Historical lessons and perspectives from episodes of technological change offer a guide for the economic potential of generative AI (GenAI).


In brief

  • GenAI is bringing great excitement, but many leaders are unsure of its overall role and impact on their organizations.
  • Historical examples of technological disruption can help inform expectations of the economic impact of AI as it becomes more prevalent.
  • GenAI will likely accelerate productivity and drive labor market evolution and disruption over the coming years as its effects materialize more fully.

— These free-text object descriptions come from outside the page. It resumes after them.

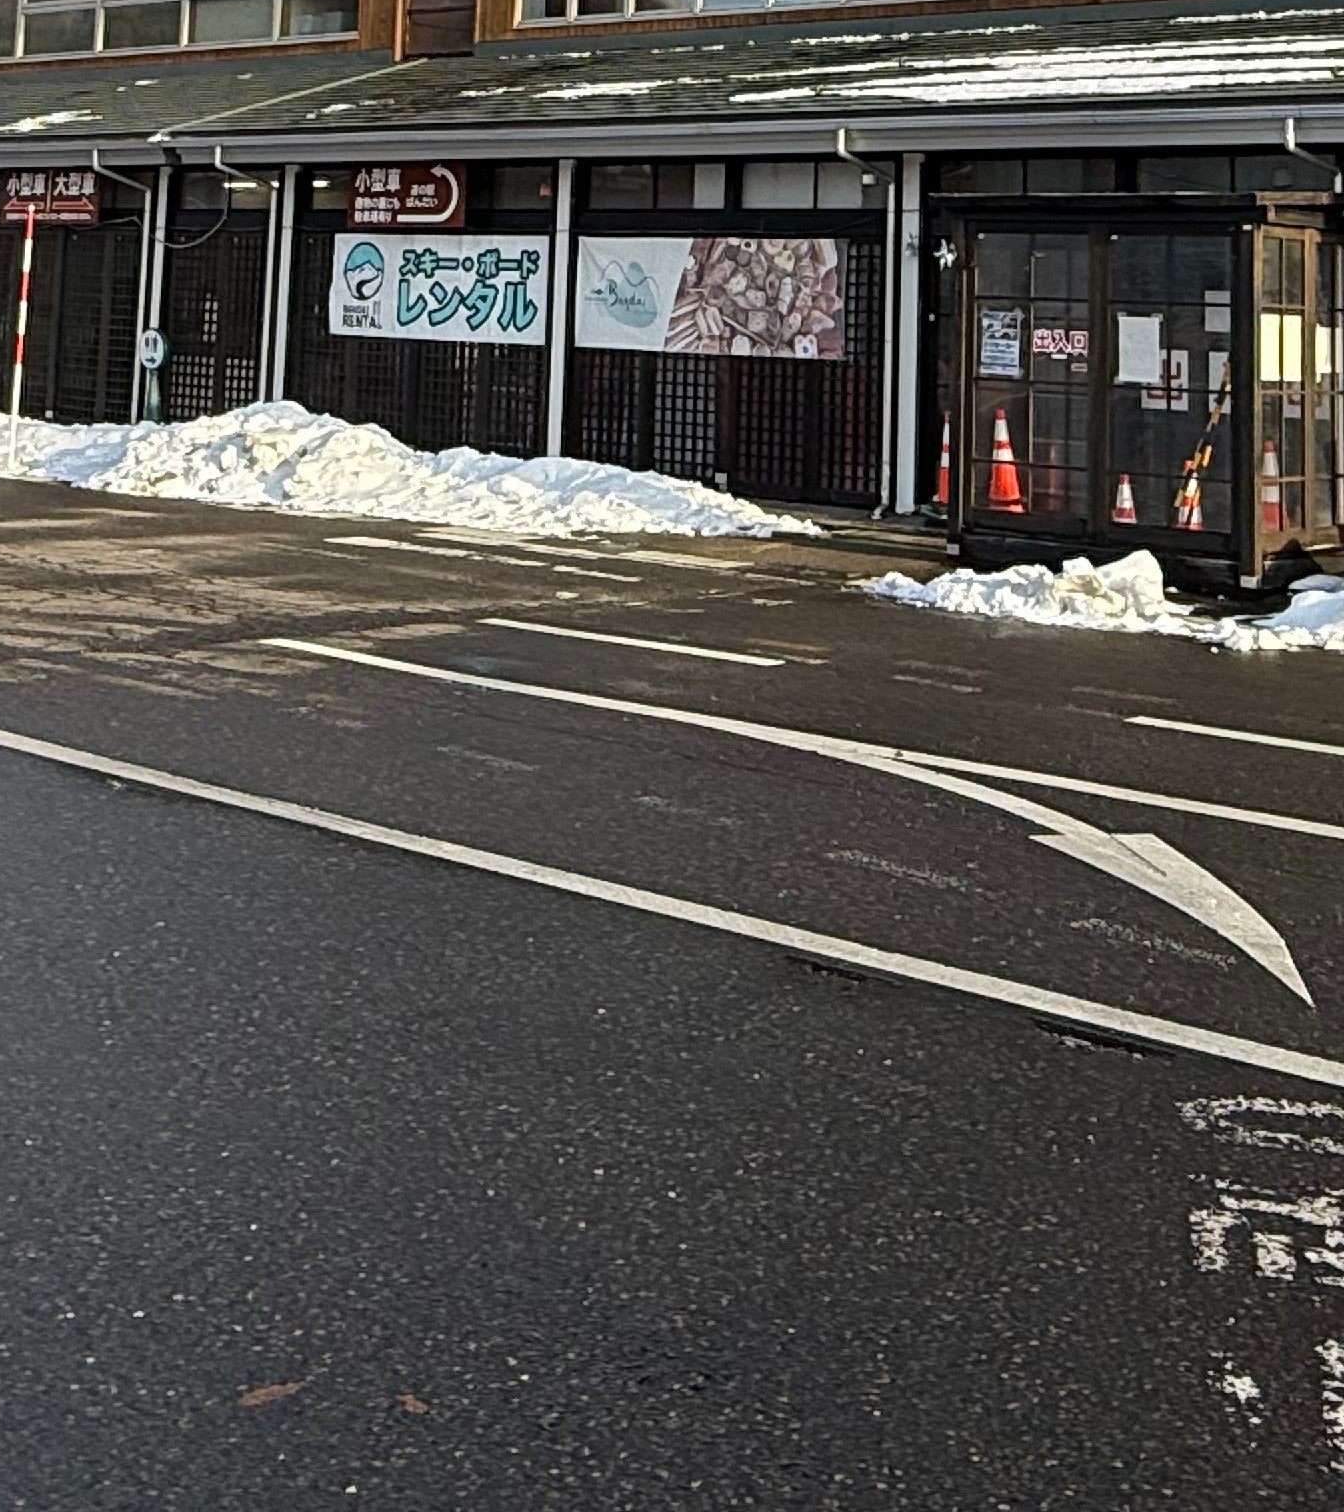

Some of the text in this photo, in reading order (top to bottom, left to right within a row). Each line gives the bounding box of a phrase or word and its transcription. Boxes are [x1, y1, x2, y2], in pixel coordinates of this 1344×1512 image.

[7, 172, 46, 196] 小型車
[53, 172, 95, 196] 大型車
[355, 168, 402, 193] 小型車
[399, 248, 540, 279] スキー・ボード
[396, 278, 539, 332] レンタル
[342, 314, 383, 329] RENTAL
[1033, 329, 1089, 355] 出入口
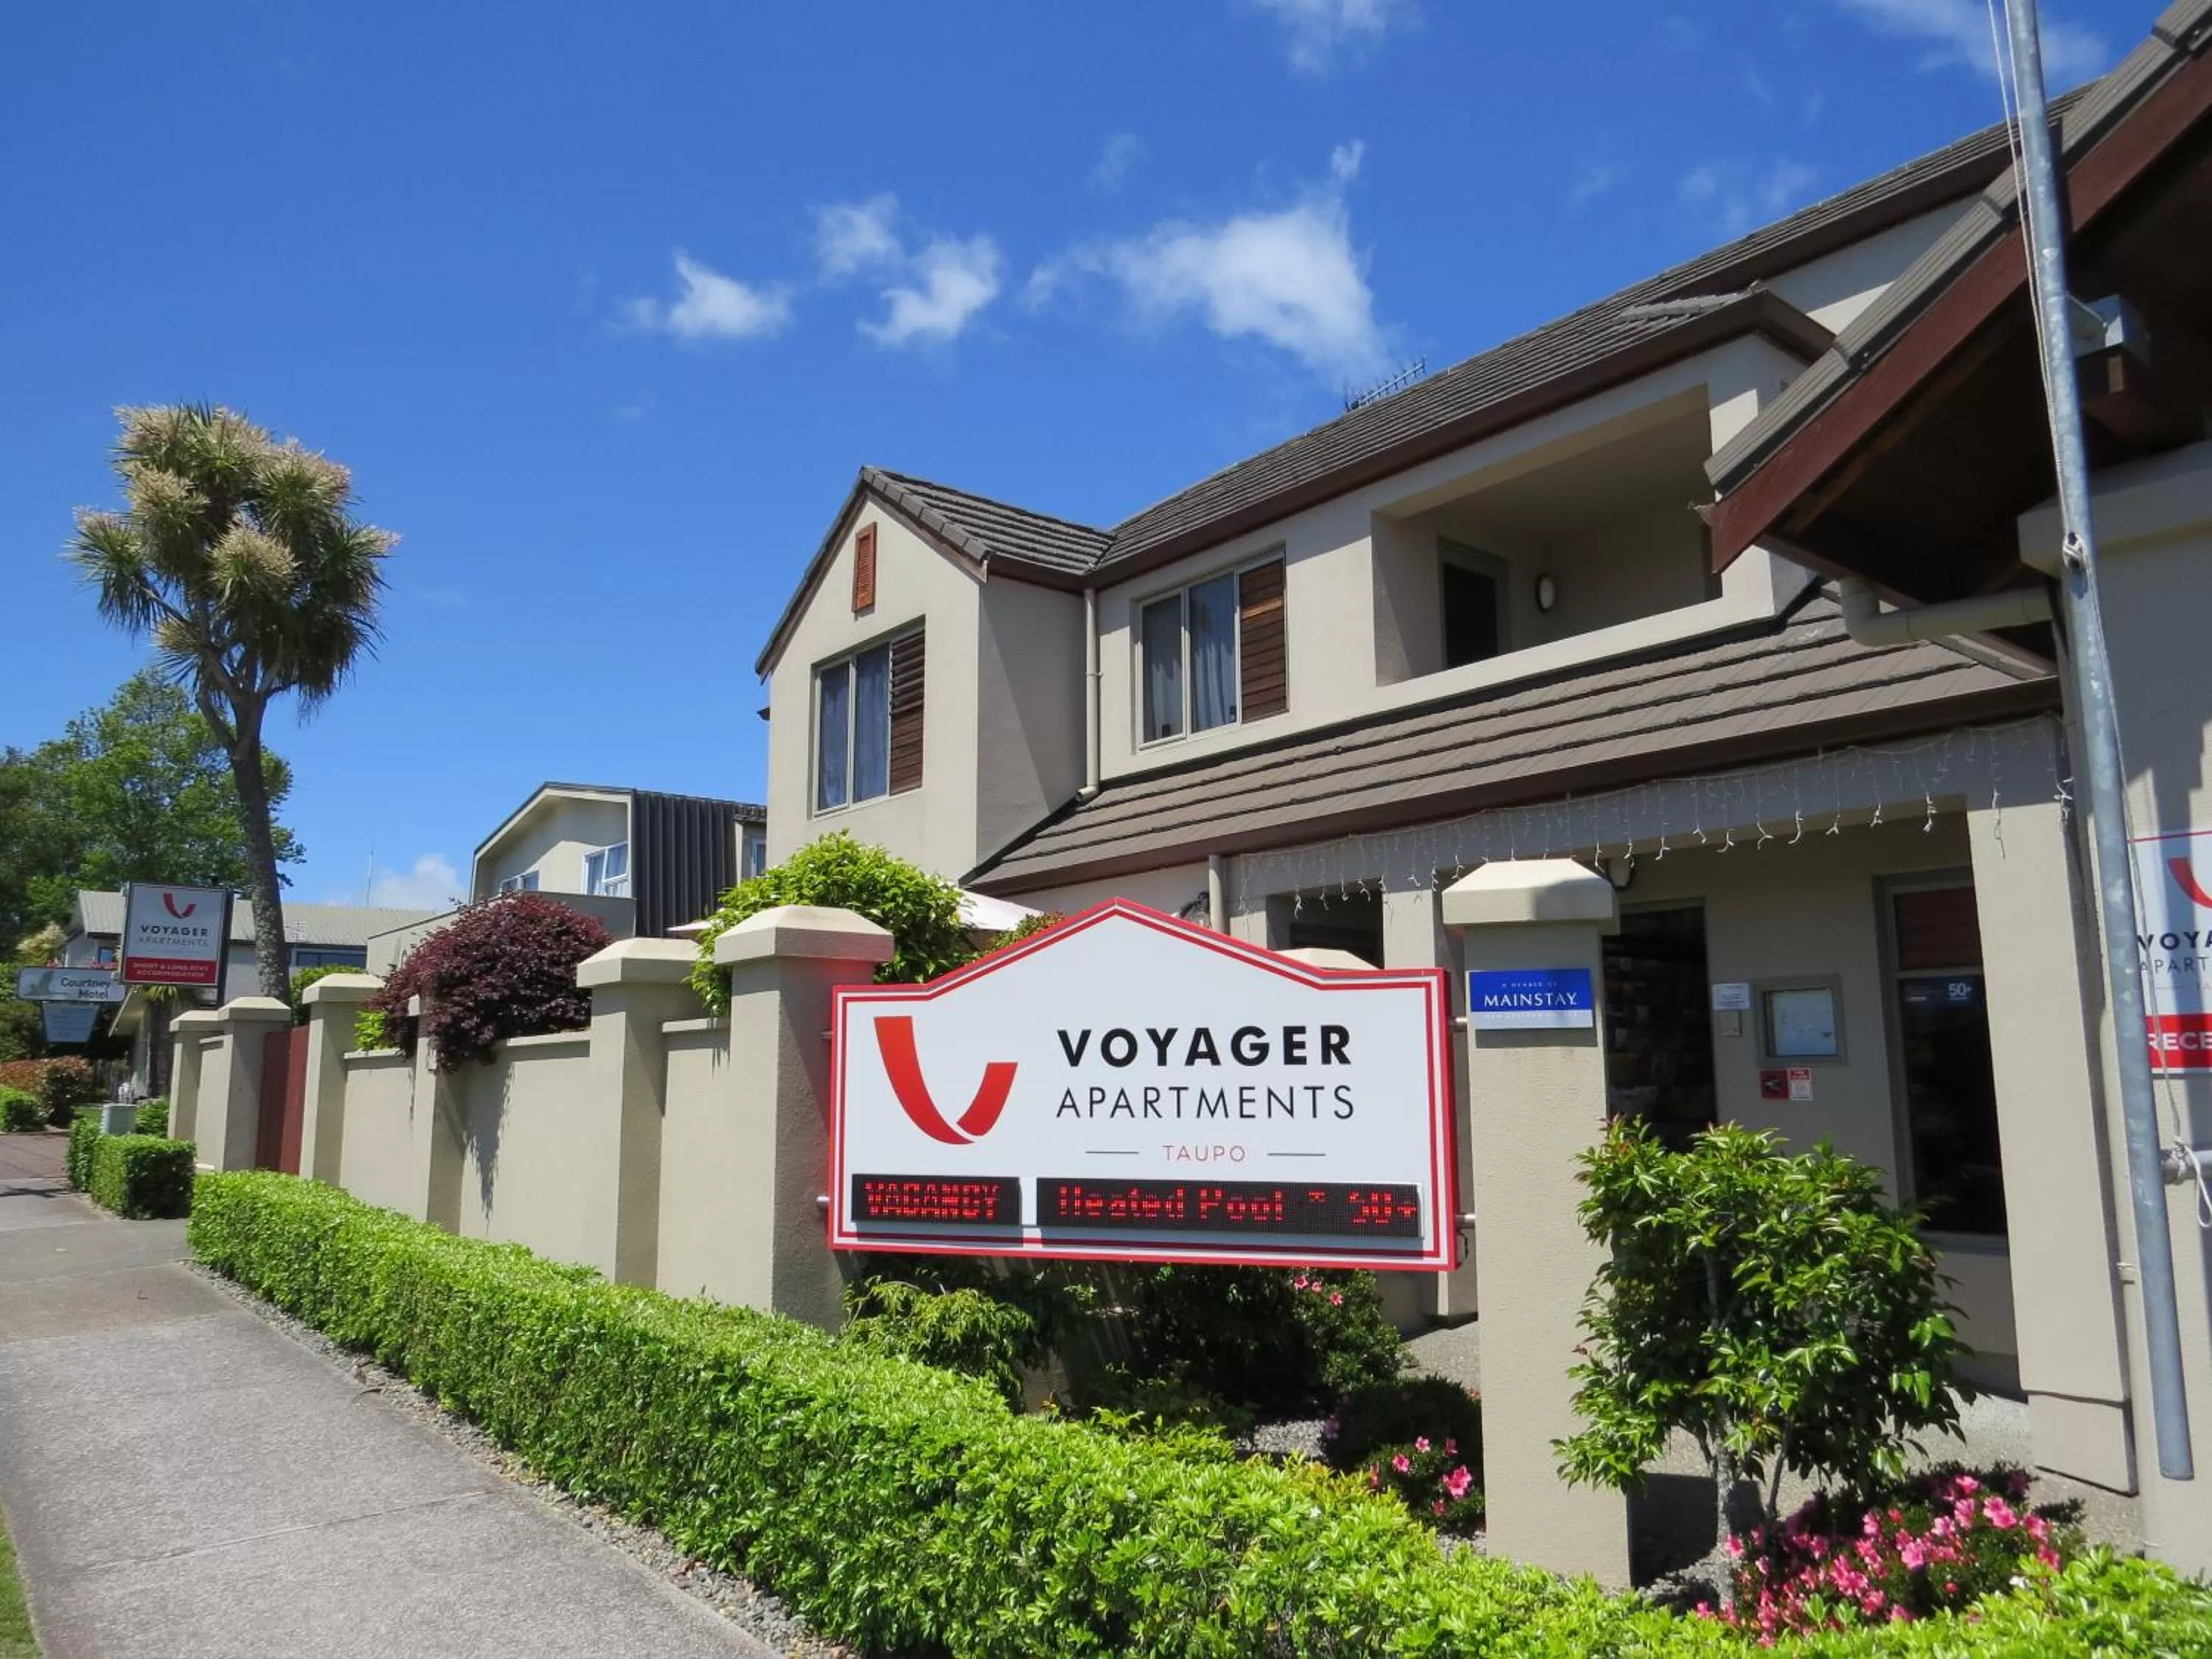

In recent years, no technology has created more excitement than generative AI (GenAI), but that excitement has been tempered by uncertainty and concerns among executives, policymakers and other stakeholders.

GenAI systems are so complex and developing so rapidly that it is difficult to predict how they will impact organizations, economies and societies. In this first article of the series, we use history as a guide to shed light on the potential future impact of GenAI and the economic opportunities and challenges that it may bring.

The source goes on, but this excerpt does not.